You use the zest because you want the concentrated flavor from the oils rather than the much more dilute juice which also contains sugar.

I'm saying why not zest AND juice?

Simple: Because then it wouldn't be limoncello. Limoncello is a liqueur containing lemon oil, alcohol, water and sugar. The addition of lemon juice would completely change the character of the liqueur. In addition, lemon juice doesn't have such good storage properties. Eventually the lemon juice will throw off a brown cloudy sediment that would have to be filtered out (this is what my family does every year with the Fish House Punch we make ahead of time and age a year for our Xmas party).

I'm saying that instead of the traditional 750mL of vodka to 15 lemon zests, you could probably get away with 75mL of everclear and get something akin to super-concentrated lemon extract. Sorta like vanilla extract.

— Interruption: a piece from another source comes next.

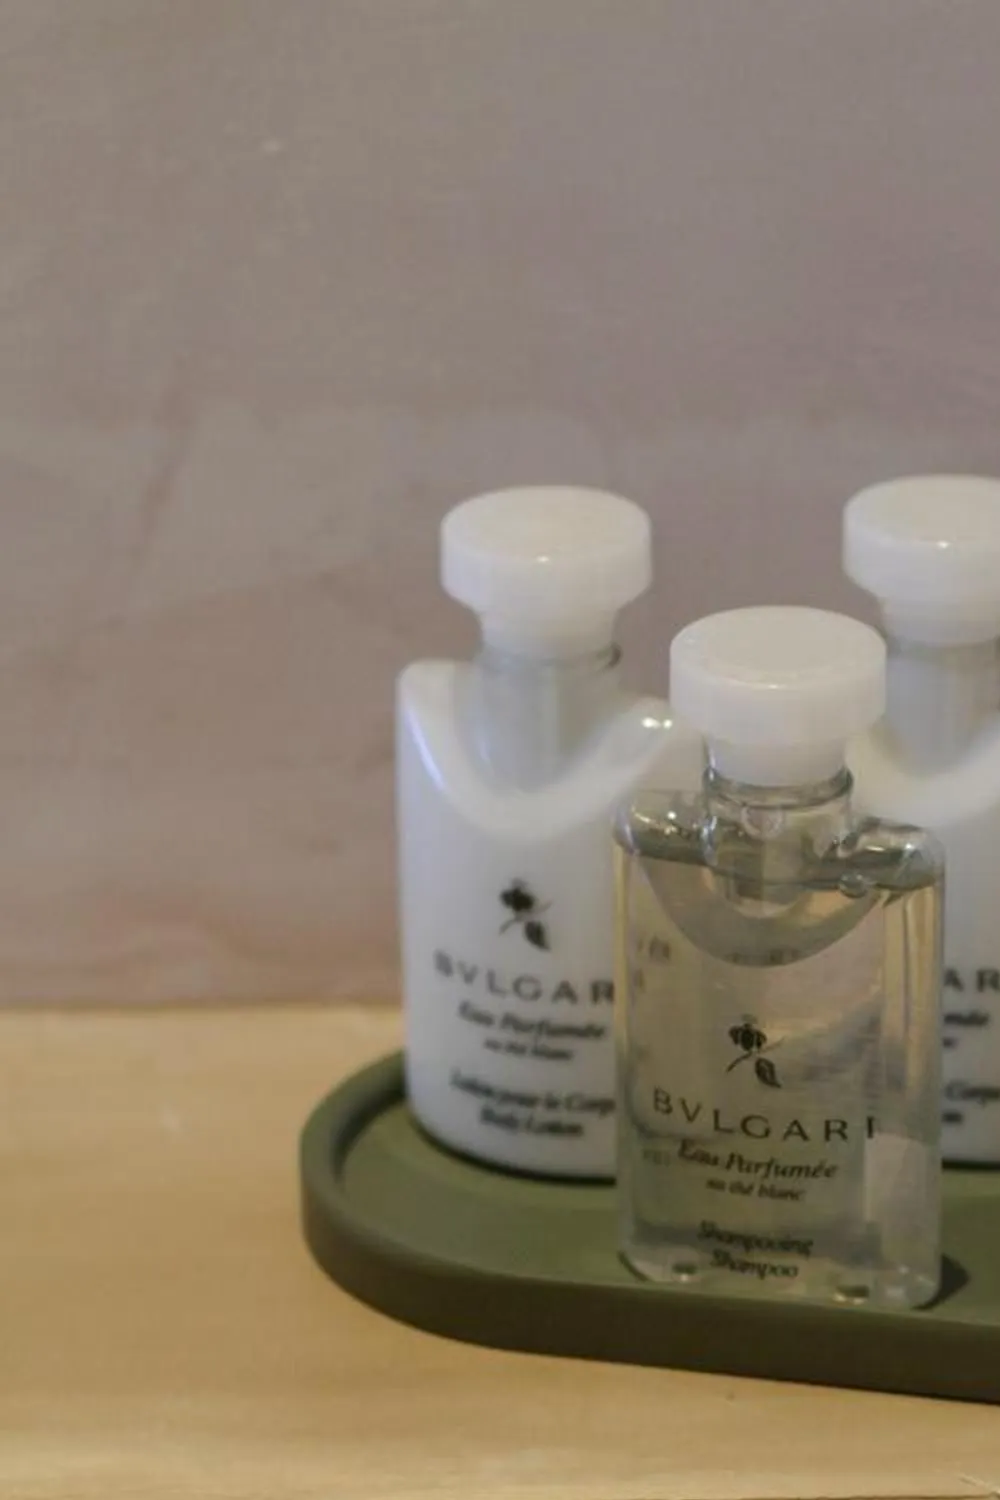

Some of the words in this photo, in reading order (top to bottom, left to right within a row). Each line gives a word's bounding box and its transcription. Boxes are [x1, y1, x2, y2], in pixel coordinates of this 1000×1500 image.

This is more or less the way "real" limoncello is made. Commercial producers use high proof grain alcohol to extract the lemon oils, add sugar and dilute down to bottle proof with water. The problem with doing this at home is that it is very difficult to get decent quality high proof grain alcohol at retail -- most of it is swill. Using a decent quality 100 proof vodka seems like a reasonable compromise: it should be considerably smoother than the high proof grain alcohol and it extracts at a slower rate due to the lower proof, which provides a larger margin of error for the nonprofessional in deciding when to stop the extraction.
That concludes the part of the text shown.